Disney: Sinn und Unsinn einer möglichen Twitter-Übernahme

04.10.2016

CC by 3.0. Dom 479

Das von Bloomberg letzte Woche kolportierte Interesse von Walt Disney an einer möglichen Übernahme von Twitter wird auf den Medien- und Technologieseiten weiter ausgiebig diskutiert. Der Medienkonzern aus Kalifornien, der in den vergangenen Jahren mit den Übernahmen von Pixar, Marvel und LucasFilm dreimal goldrichtig lag, müsste für Twitter zwischen 15 und 30 Milliarden Dollar bezahlen. Im Netz ist derweil eine Debatte darüber entbrannt, ob Twitter sinnvoll in die Konzernstruktur von Disney integriert werden könnte. Während einige Kommentatoren durchaus Synergieeffekte identifiziert haben, gibt es andere für die eine Übernahme - nicht nur durch Disney sondern auch von anderen Interessenten aus der Medienkonzernwelt - überhaupt kein Sinn macht. Ob das Unternehmen tatsächlich ein Angebot für Twitter abgeben wird, ist fraglich.
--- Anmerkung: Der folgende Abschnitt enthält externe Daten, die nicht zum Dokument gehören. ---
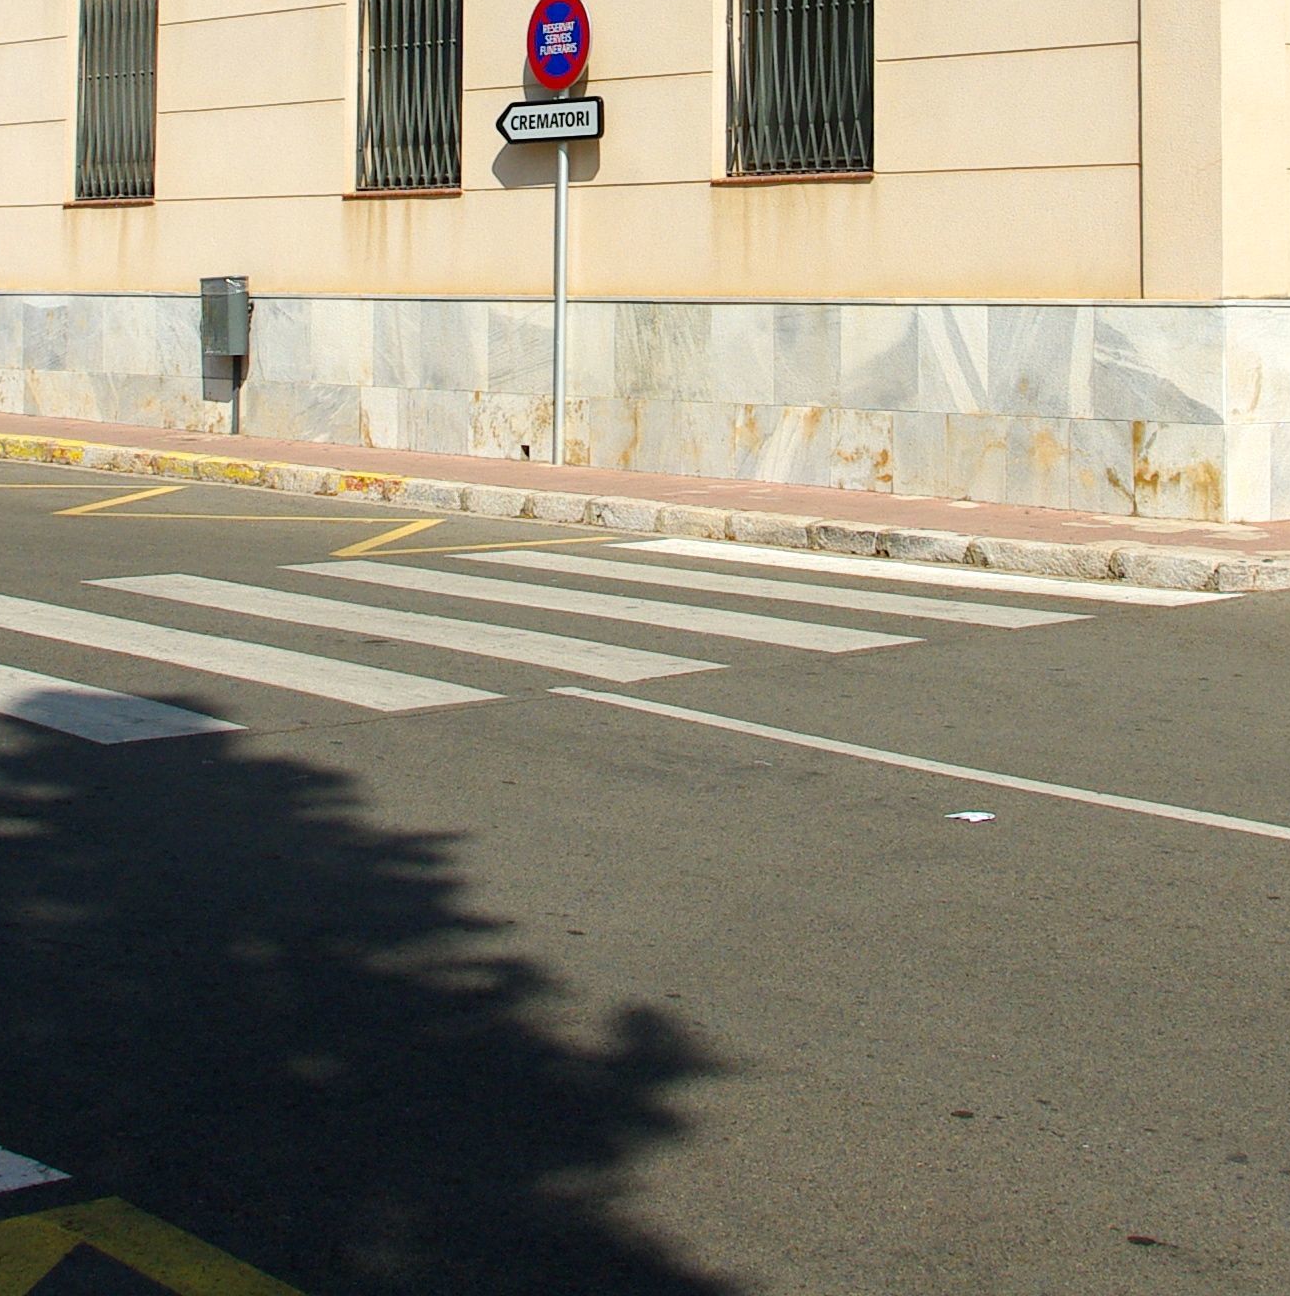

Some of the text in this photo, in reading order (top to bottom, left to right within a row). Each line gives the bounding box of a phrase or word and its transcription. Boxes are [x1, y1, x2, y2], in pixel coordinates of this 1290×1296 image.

[542, 21, 575, 34] RESERVAT
[545, 32, 572, 44] SERVEIS
[540, 43, 577, 56] FUNERARIS
[510, 110, 589, 131] CREMATORI
Das bloße Interesse zeigt jedoch, dass sich Disney ebenso wie die gesamte Medienindustrie angesichts seines stark kriselnden Sport-Senderkette ESPN händeringend nach neuen Vertriebsmodellen umsieht.

Durch den Erwerb von Twitter könnte Disney Millionen von ehemaligen Kabelkunden erreichen, die ihre kostspieligen ESPN-Pakete in den letzten Monaten und Jahren gekündigt haben. Fast die Hälfte aller Twitter-Konversationen über TV-Inhalte drehen sich um Sportevents. Twitter hat jüngst in den USA mit der Übertragung von prestigeträchtigen NFL-Footballspielen begonnen- und damit wohl auch das Interesse von Disney geweckt, das mit dem kürzlich erfolgten Erwerb von BamTech ebenfalls in den Sport-Streaming-Markt eingestiegen ist. Ein von Disney kontrolliertes Twitter könnte sich mittel- und langfristig zu einem reinen Video-Hub entwickeln. Zudem würde Disney Twitter nutzen, um seine TV- und Filminhalte noch effektiver zu vermarkten. Dass Twitter-Chef Jack Dorsey im Aufsichtsrat von Disney sitzt, könnte die Übernahmeverhandlungen vereinfachen.
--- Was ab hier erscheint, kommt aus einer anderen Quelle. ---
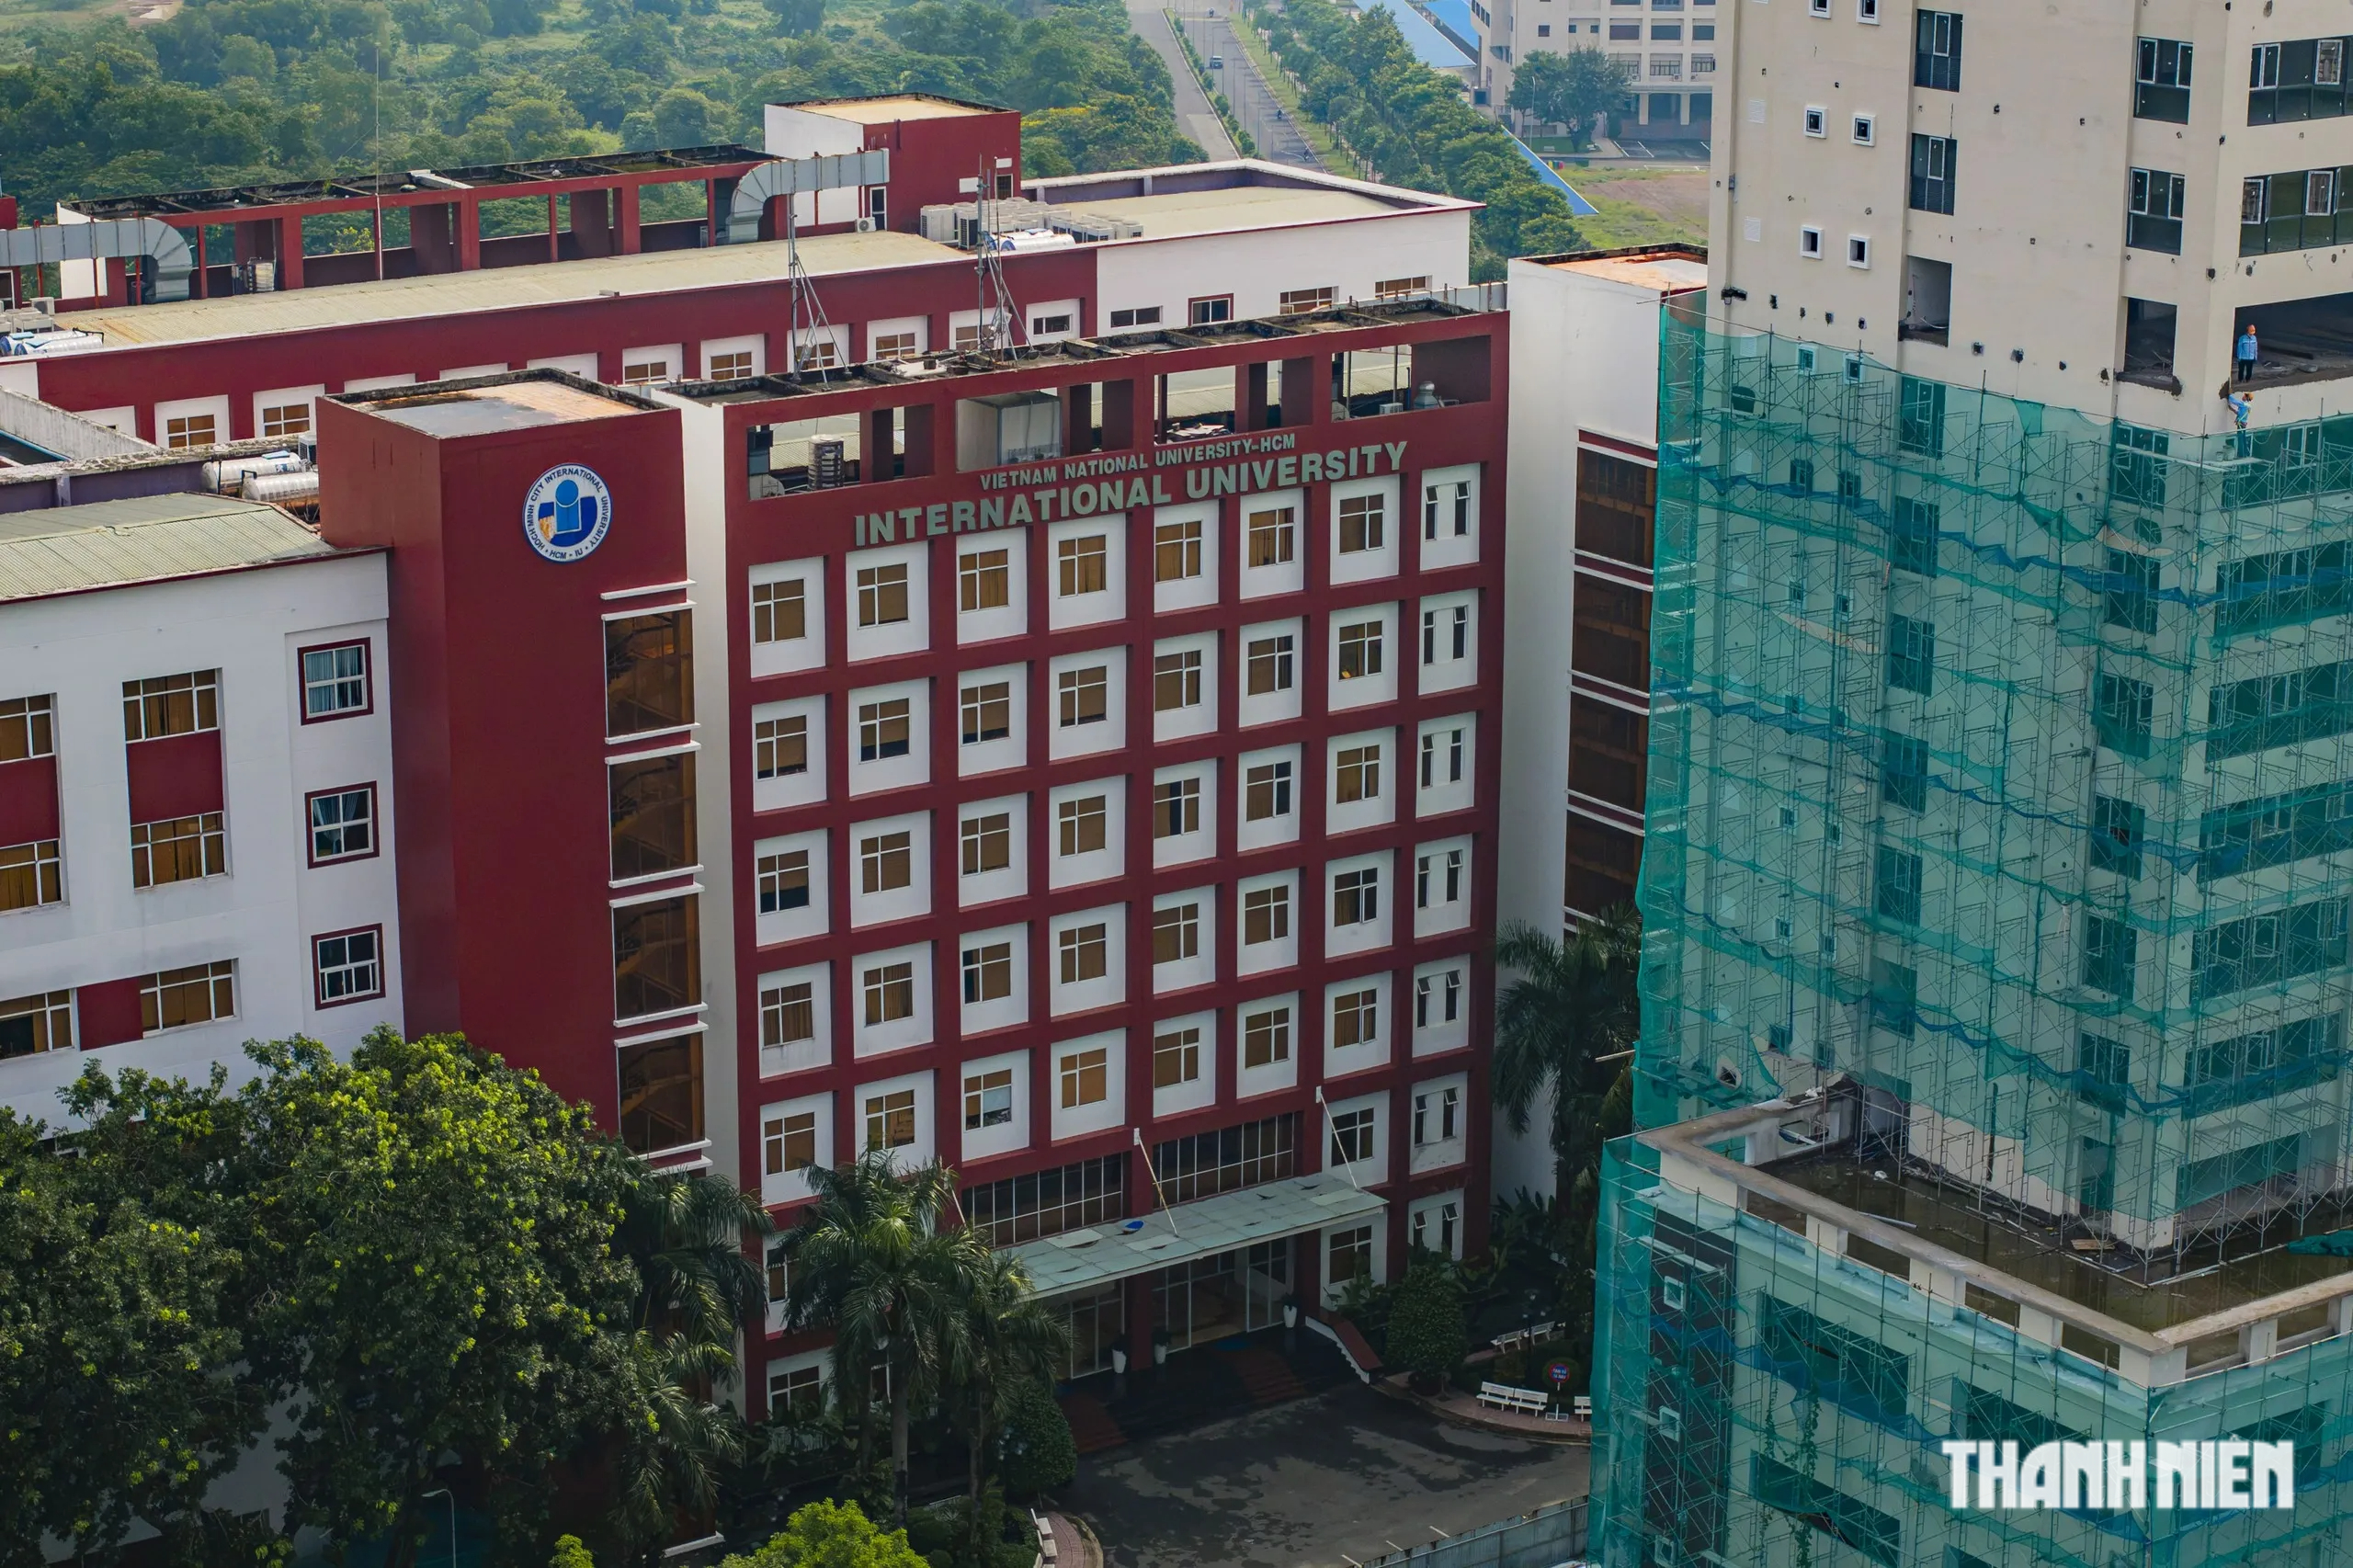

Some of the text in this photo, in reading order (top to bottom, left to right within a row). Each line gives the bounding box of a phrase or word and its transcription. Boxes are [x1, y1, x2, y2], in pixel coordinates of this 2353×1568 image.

[854, 441, 1408, 546] INTERNATIONAL UNIVERSITY
[980, 434, 1295, 491] VIETNAM NATIONAL UNIVERSITY-HCM
[530, 483, 544, 502] CITY
[544, 468, 603, 494] INTERNATIONAL
[590, 496, 609, 548] UNIVERSITY
[549, 548, 584, 560] HCM IU
Gegen einen Deal spricht aber die DNA von Twitter als relativ basisdemokratische Plattform, auf der jeder - inklusive politisch und moralisch zweifelhaften Personen - seine Meinung kundtun kann. Diese Meinungsanarchie ließe sich nur schwer mit den Wertevorstellungen des Disney-Imperiums vereinen, das seit Jahrzehnte auf eine strenge inhaltliche Kontrolle seiner Inhalte wertlegt. Zudem würde eine Übernahme die Beziehungen von Twitter zu anderen Medienkonzernen nachhaltig beschädigen. Diese könnten das Netzwerk boykottieren und Twitter würde sich zu einem rein auf Disney-Inhalte spezialisierten PR-Arm entwickeln. Das schwerwiegendste Argument gegen den Kauf von Twitter ist jedoch Twitter selbst. Fakt ist, dass der Dienst in seiner jetzigen Form schlichtweg nicht in der Lage ist, Produkte an seine User zu vermarkten (was auch der Grund ist, warum das Unternehmen zum Verkauf steht).
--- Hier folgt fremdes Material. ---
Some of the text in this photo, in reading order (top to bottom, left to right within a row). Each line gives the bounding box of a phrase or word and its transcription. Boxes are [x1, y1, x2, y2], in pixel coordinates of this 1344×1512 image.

Nichtsdestotrotz ist das verbürgte Interesse von Disney an Twitter auch ein Indiz für die Ratlosigkeit, die im Konzern momentan vorherrscht. Trotz wertvoller Marvel und Star Wars-Lizenzen, die dem Unternehmen Rekord-Gewinne bescheren, kann sich der Aktienkurs des Unternehmens einfach nicht von der ESPN-Krise erholen (die Disney-Aktie ist in diesem Jahr einer der am schlechtesten performenden im Dow Jones-Index). Die Frage ist nun, ob der in eineinhalb Jahren ausscheidende CEO Bob Iger seine glänzende Bilanz mit einer riskanten und milliardenschwere Übernahme aufs Spiel setzt.